• _EXERCISE PROMPT_
Images stay out; everything else in the records is to be set down exactly.

• _MATERIAL FOR THE TASK_
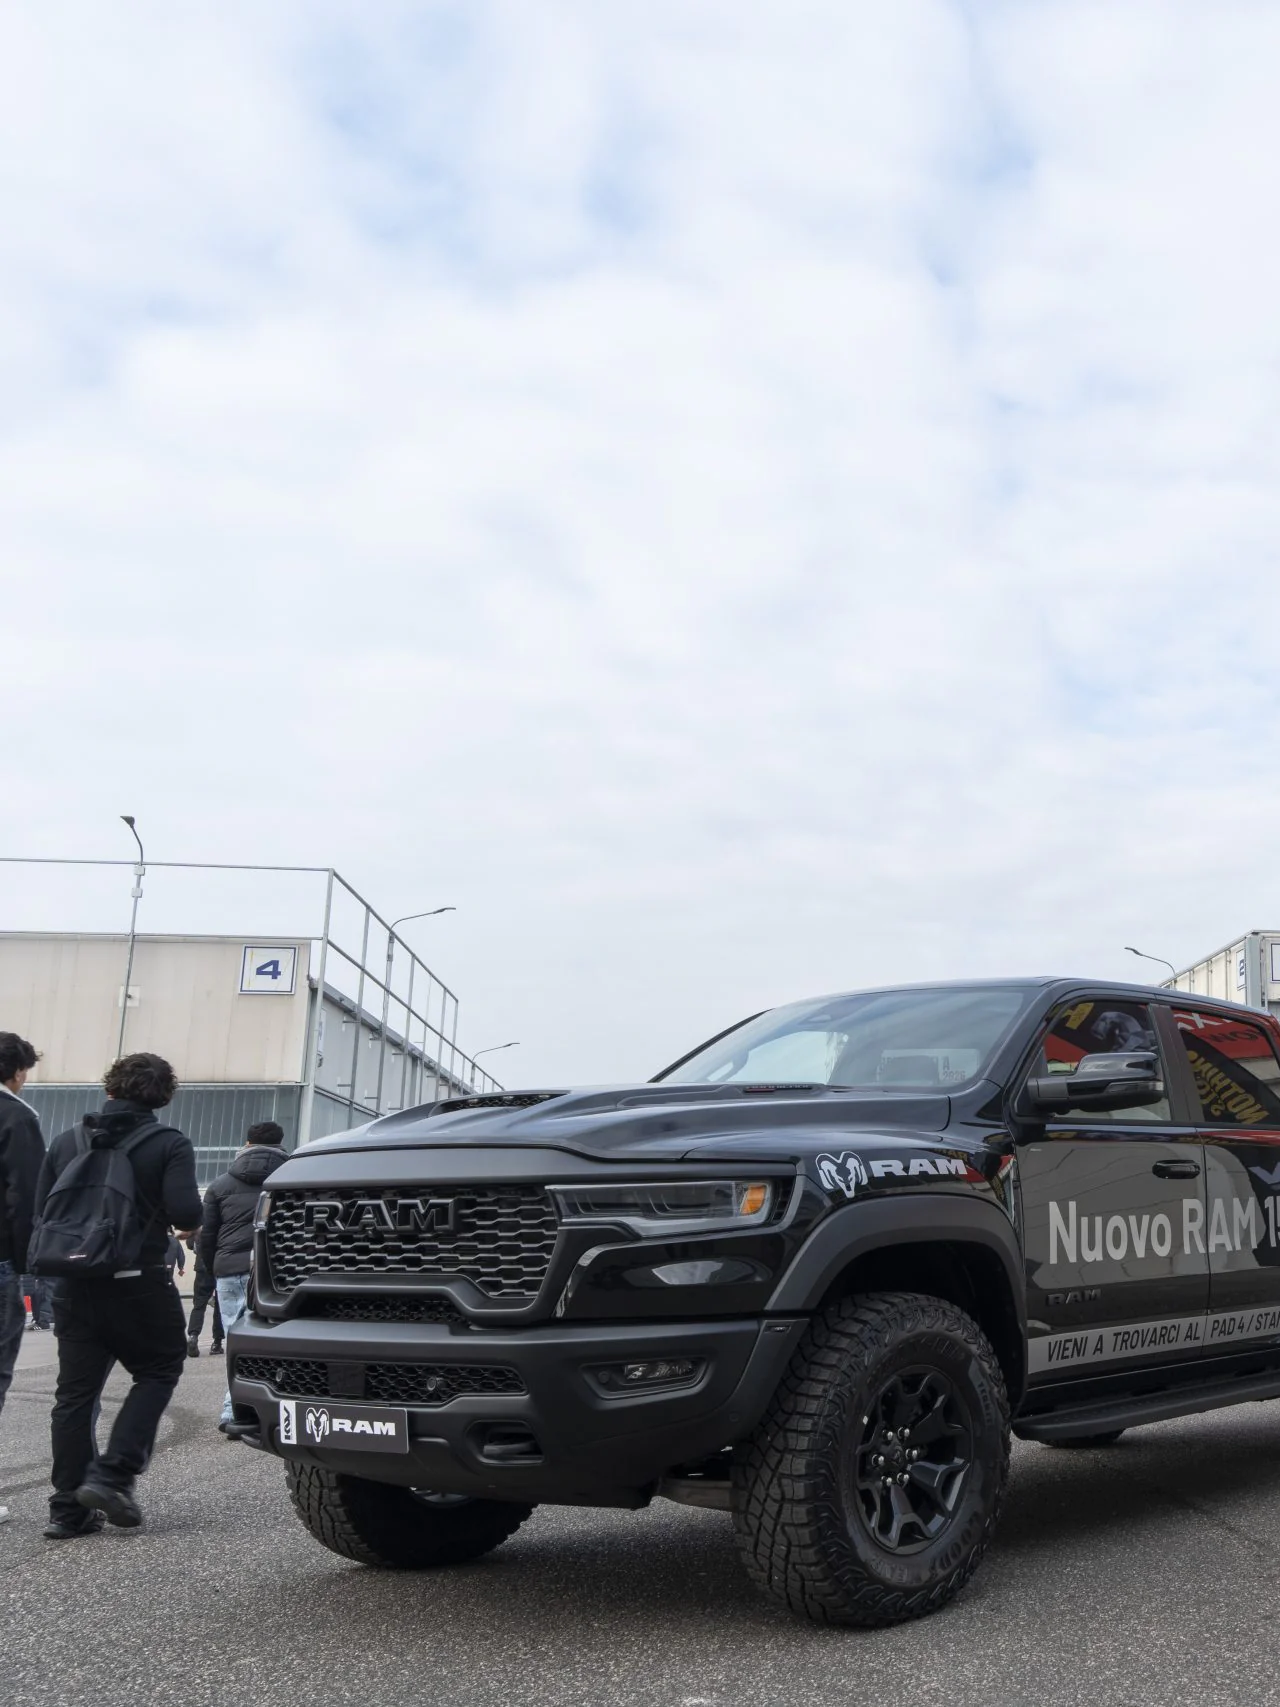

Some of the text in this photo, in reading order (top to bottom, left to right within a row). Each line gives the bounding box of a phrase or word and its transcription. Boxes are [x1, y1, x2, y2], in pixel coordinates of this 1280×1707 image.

[255, 959, 282, 980] 4
[869, 1158, 968, 1177] RAM
[304, 1199, 454, 1231] RAM
[1048, 1200, 1172, 1265] Nuovo
[1182, 1195, 1258, 1255] RAM
[1046, 1288, 1102, 1307] RAM
[1047, 1336, 1088, 1362] VIENI
[1093, 1335, 1105, 1356] A
[1112, 1324, 1180, 1352] TROVARCI
[1183, 1321, 1201, 1342] AL
[1210, 1318, 1234, 1338] PAD
[331, 1418, 396, 1436] RAM

• _RESULT OF THE TASK_
Some of the text in this photo, in reading order (top to bottom, left to right within a row). Each line gives the bounding box of a phrase or word and its transcription. Boxes are [x1, y1, x2, y2], in pixel coordinates of this 1280×1707 image.

[255, 959, 282, 980] 4
[869, 1158, 968, 1177] RAM
[304, 1199, 454, 1231] RAM
[1048, 1200, 1172, 1265] Nuovo
[1182, 1195, 1258, 1255] RAM
[1046, 1288, 1102, 1307] RAM
[1047, 1336, 1088, 1362] VIENI
[1093, 1335, 1105, 1356] A
[1112, 1324, 1180, 1352] TROVARCI
[1183, 1321, 1201, 1342] AL
[1210, 1318, 1234, 1338] PAD
[331, 1418, 396, 1436] RAM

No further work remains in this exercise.